To stay inside 7.5, I force the version inside the repository URLs like this:

find /etc/yum.repos.d -name '*.repo' -print0 | xargs -0 sed -i 's/$releasever/'7.5.1804/
yum clean all
raidlman commented 5 years ago

@wandhydrant Thanks for the hint. CentOS 7.5 is working now with the fixed releasever.

Karishma-Tiwari-MSFT commented 5 years ago

@raidlman Thanks for sharing the update. The bug is in internal Azure DevOps but I am tracking it as product team make progress there. I will keep you informed. @wandhydrant Thank you for helping out. I will keep this issue closed but will be sharing updates here.

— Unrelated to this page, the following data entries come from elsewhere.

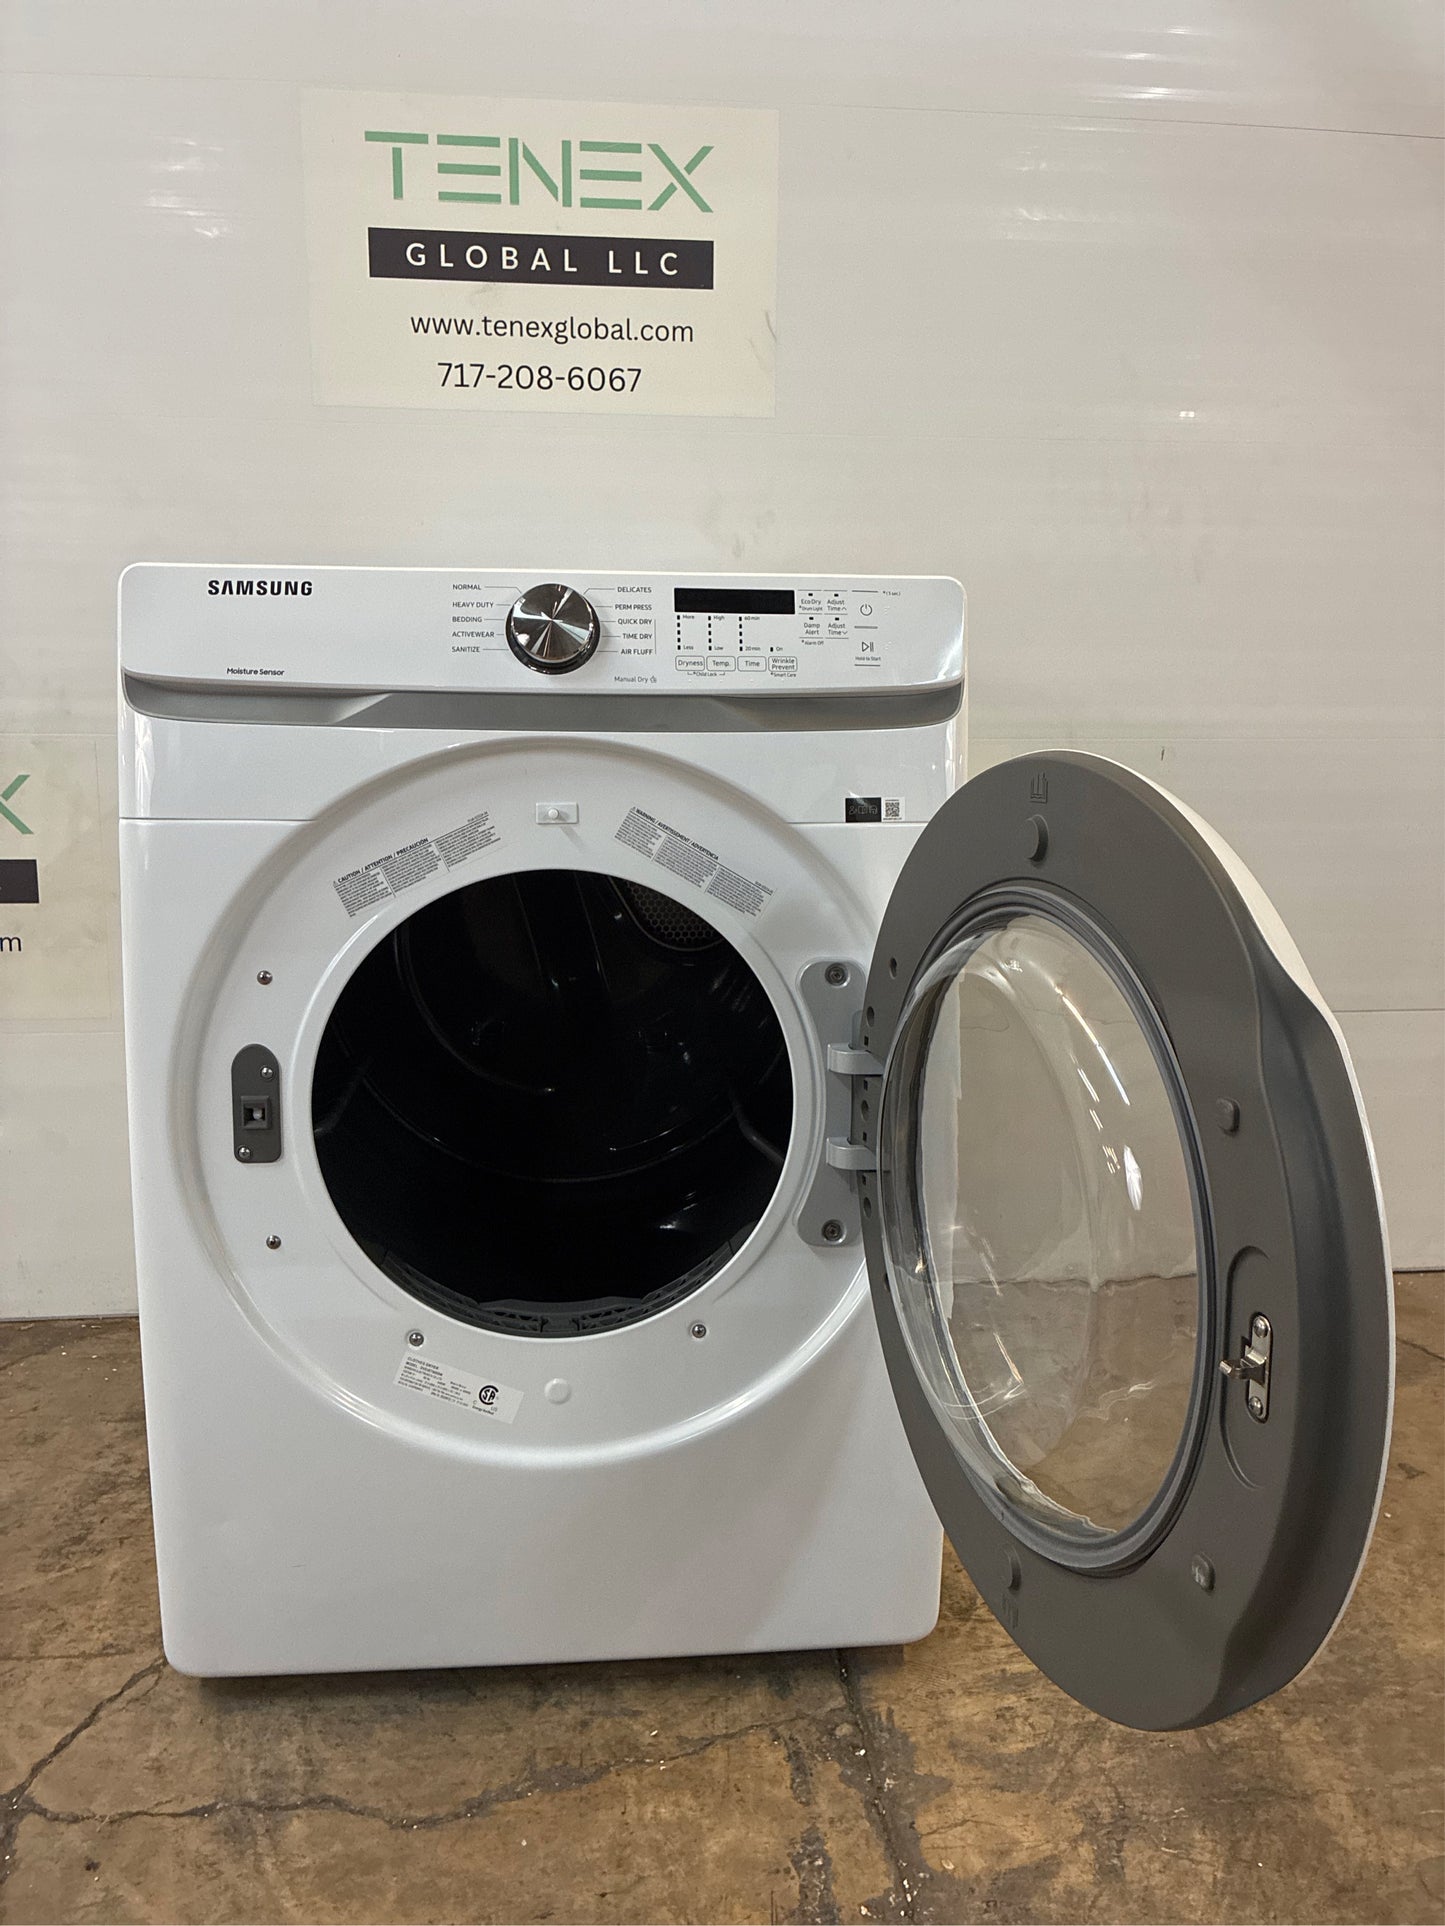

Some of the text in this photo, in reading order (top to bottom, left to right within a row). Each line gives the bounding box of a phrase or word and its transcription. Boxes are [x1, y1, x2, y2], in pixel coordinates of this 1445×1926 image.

[364, 130, 715, 213] TENEX
[405, 242, 679, 276] GLOBAL LLC
[410, 315, 694, 344] www.tenexglobal.com
[437, 362, 642, 392] 717-208-6067
[207, 580, 313, 596] SAMSUNG
[226, 667, 285, 676] Moisture Sensor
[638, 676, 648, 684] Dry
[337, 869, 361, 883] CAUTION
[364, 854, 393, 871] ATTENTION

acastaing commented 5 years ago

@Karishma-Tiwari-MSFT do you have any news ? This issue is causing to our customers a lot of issues (we started using our support plan but we were redirected here) Thank you for the feedback and eventually a fix date ?

Karishma-Tiwari-MSFT commented 5 years ago

@acastaing I am trying to get an update on this from the product team and will share it here. In the meantime,

the workaround shared by the product team is to use RHEL version 7.5.

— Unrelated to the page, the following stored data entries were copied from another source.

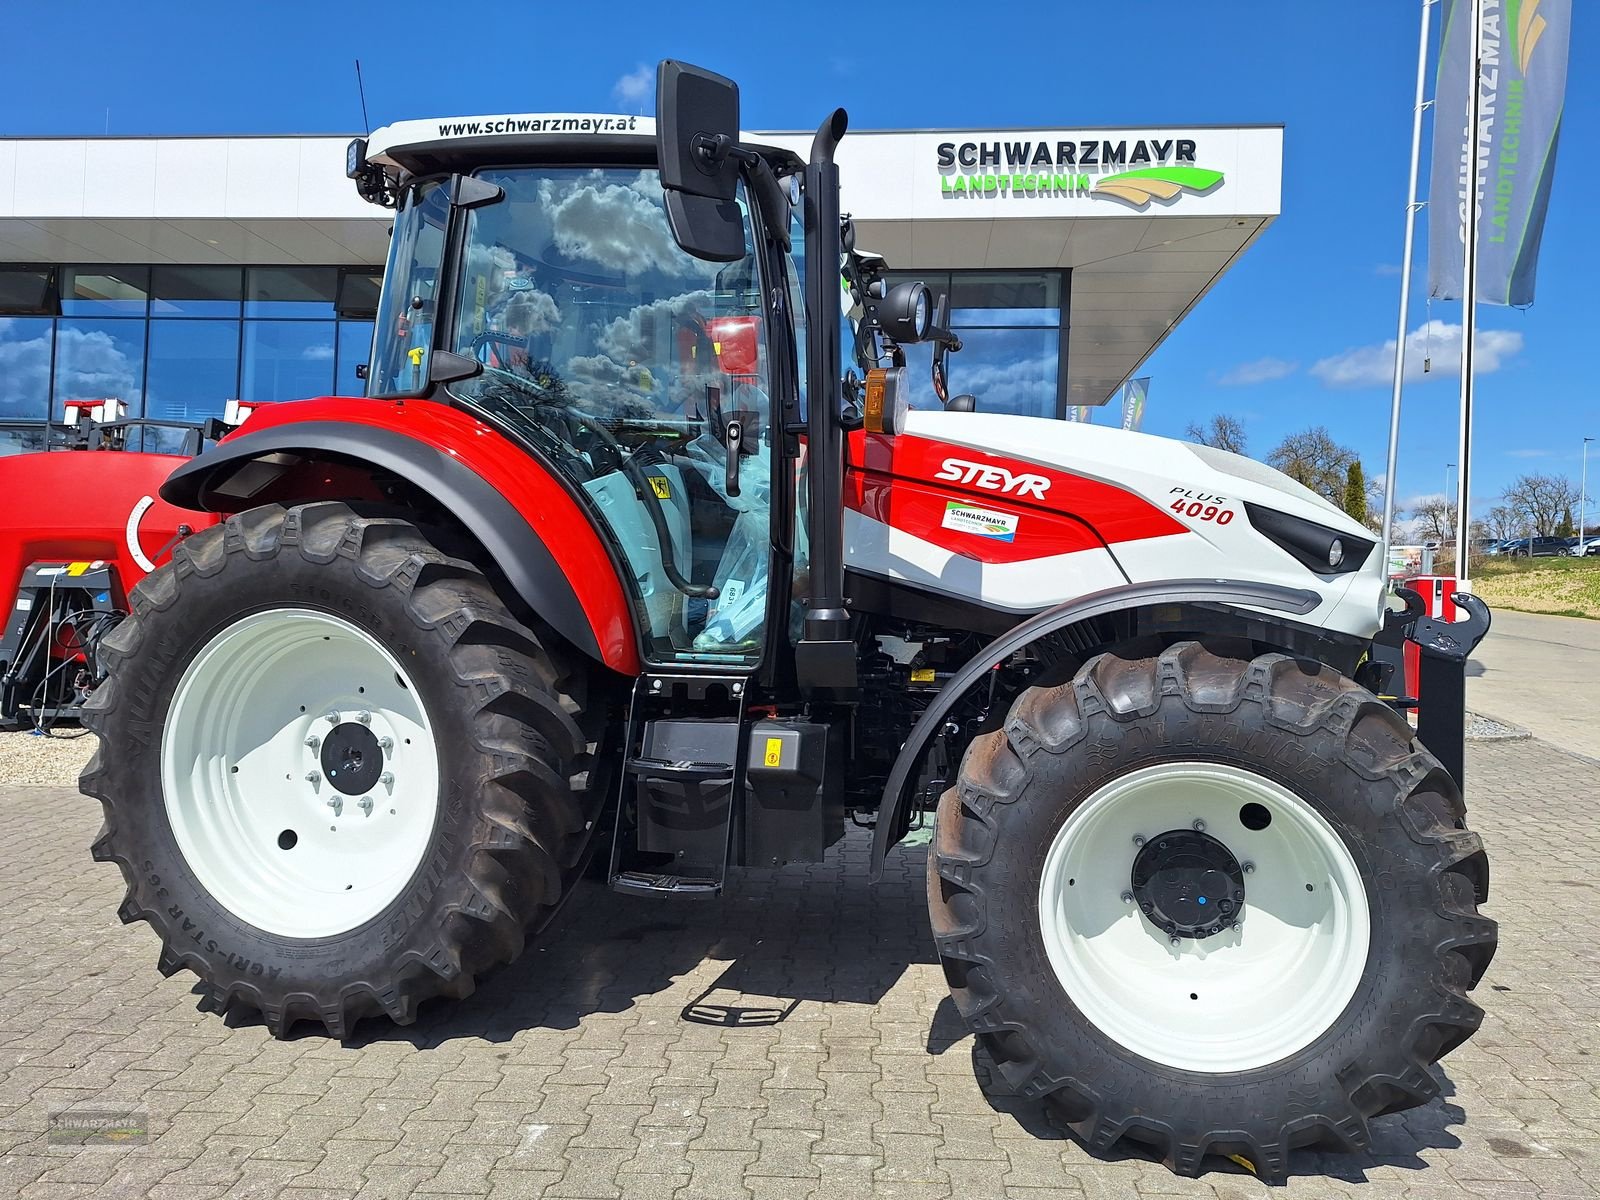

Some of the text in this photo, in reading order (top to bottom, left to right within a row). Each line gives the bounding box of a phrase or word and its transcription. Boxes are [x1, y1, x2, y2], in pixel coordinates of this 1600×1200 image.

[439, 116, 637, 136] www.schwarzmayr.at
[937, 140, 1197, 166] SCHWARZMAYR
[1488, 79, 1525, 243] LANDTECHNIK
[941, 174, 1091, 192] LANDTECHNIK
[934, 457, 1052, 500] STEYR
[1169, 487, 1228, 505] PLUS
[951, 509, 1007, 526] SCHWARZMAYR
[1169, 498, 1235, 526] 4090
[142, 860, 283, 980] AGRI-STAR 365

dcui commented 5 years ago

This is a bug in the Xorg shipped in RHEL 7.6: https://bugzilla.redhat.com/show_bug.cgi?id=1665433

Karishma-Tiwari-MSFT commented 5 years ago

We currently do not have an ETA on this. We are relying on a bug fix in Redhat (link shared above). We will update the thread as we get a timeline on the fix for that.

milazzom commented 5 years ago

I have a customer using RHEL 7.6 in Azure (using the marketplace image) that is having the same issue.

Karishma-Tiwari-MSFT commented 5 years ago

@milazzom This is a bug in the Xorg shipped in RHEL 7.6: https://bugzilla.redhat.com/show_bug.cgi?id=1665433 The workaround shared by the product team is to use RHEL version 7.5.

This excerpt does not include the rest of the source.